** Opening MATERIAL SHOWN block **

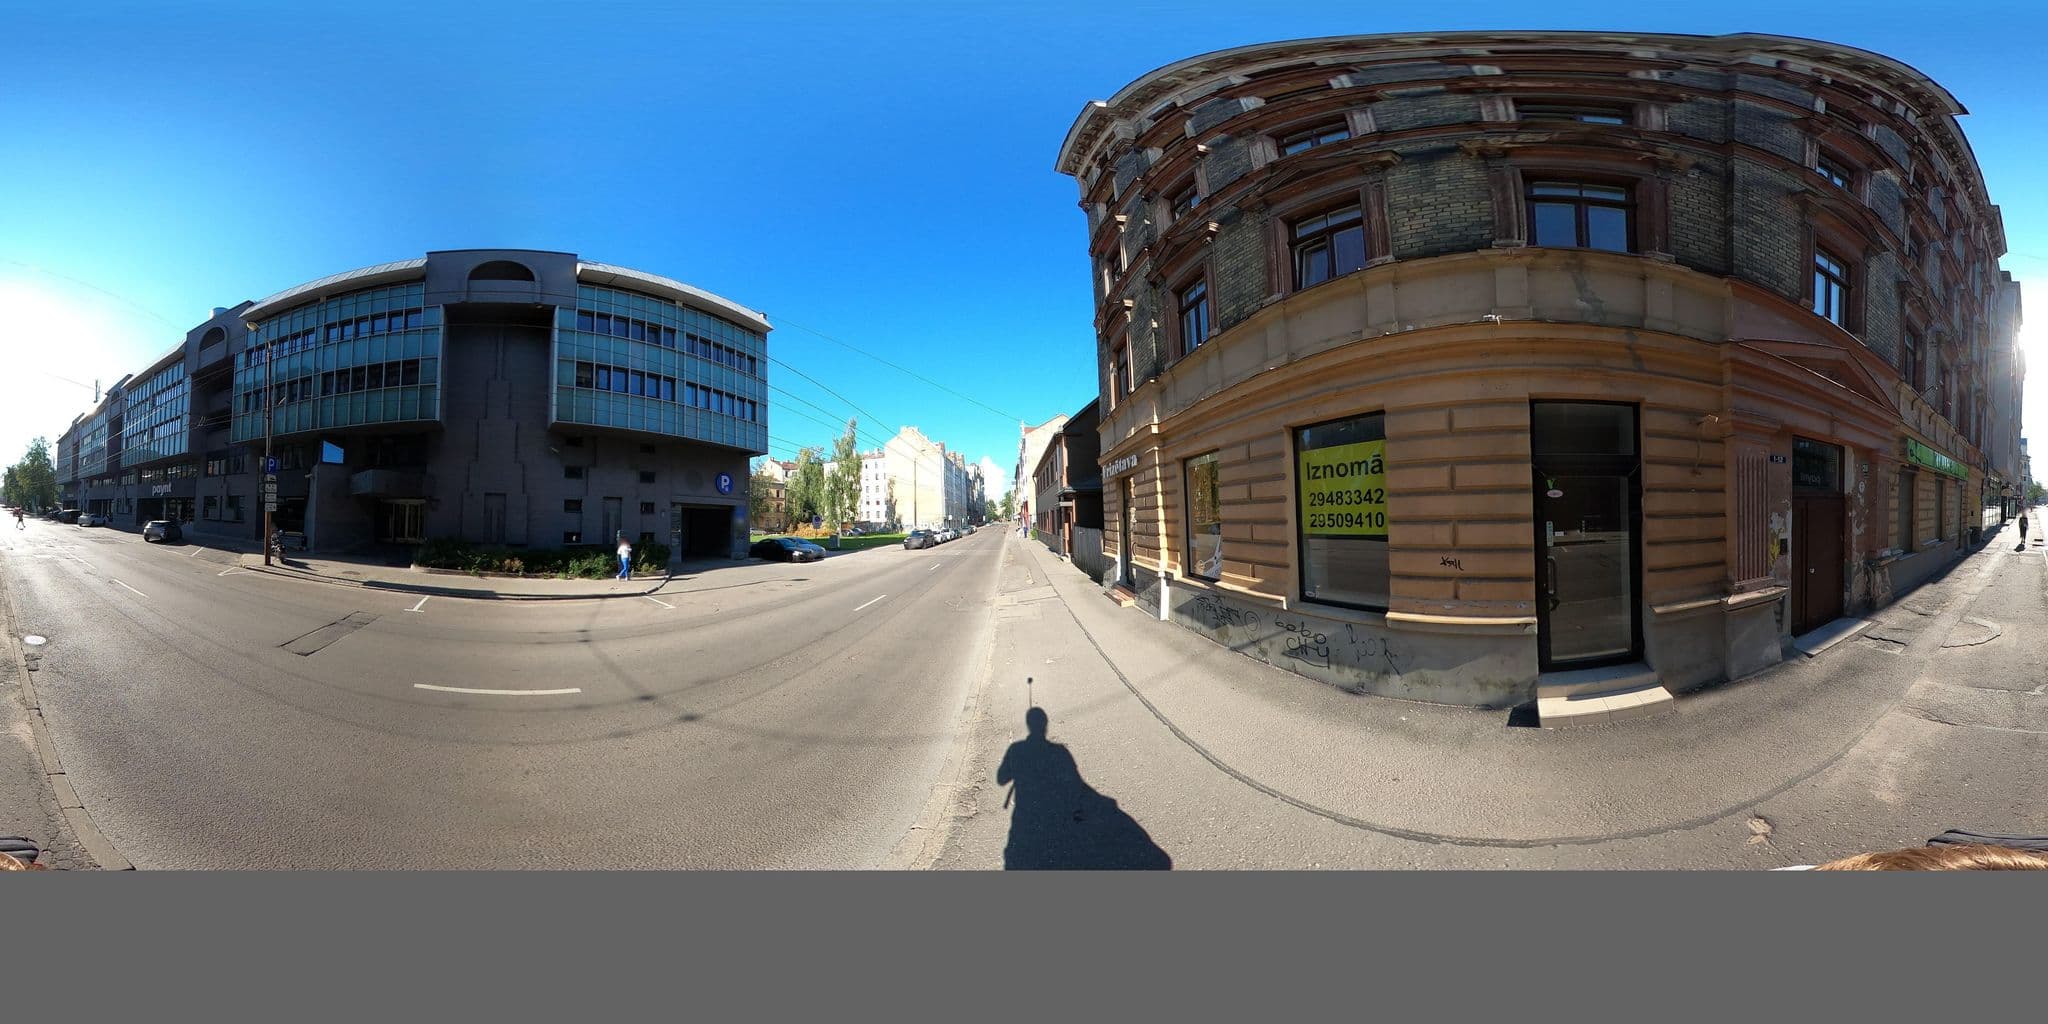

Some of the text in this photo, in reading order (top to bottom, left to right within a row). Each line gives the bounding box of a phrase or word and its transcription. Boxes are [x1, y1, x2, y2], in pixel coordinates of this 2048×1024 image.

[268, 458, 275, 472] P
[1306, 453, 1384, 481] Iznomā
[152, 481, 172, 496] paynt
[721, 475, 730, 489] P
[1309, 488, 1384, 507] 29483342
[1309, 511, 1384, 529] 29509410

** Closing MATERIAL SHOWN block **

YOUR TASK: The reply must consist of the records, repeated exactly, minus any images.

RESPONSE TO THE TASK:
Some of the text in this photo, in reading order (top to bottom, left to right within a row). Each line gives the bounding box of a phrase or word and its transcription. Boxes are [x1, y1, x2, y2], in pixel coordinates of this 2048×1024 image.

[268, 458, 275, 472] P
[1306, 453, 1384, 481] Iznomā
[152, 481, 172, 496] paynt
[721, 475, 730, 489] P
[1309, 488, 1384, 507] 29483342
[1309, 511, 1384, 529] 29509410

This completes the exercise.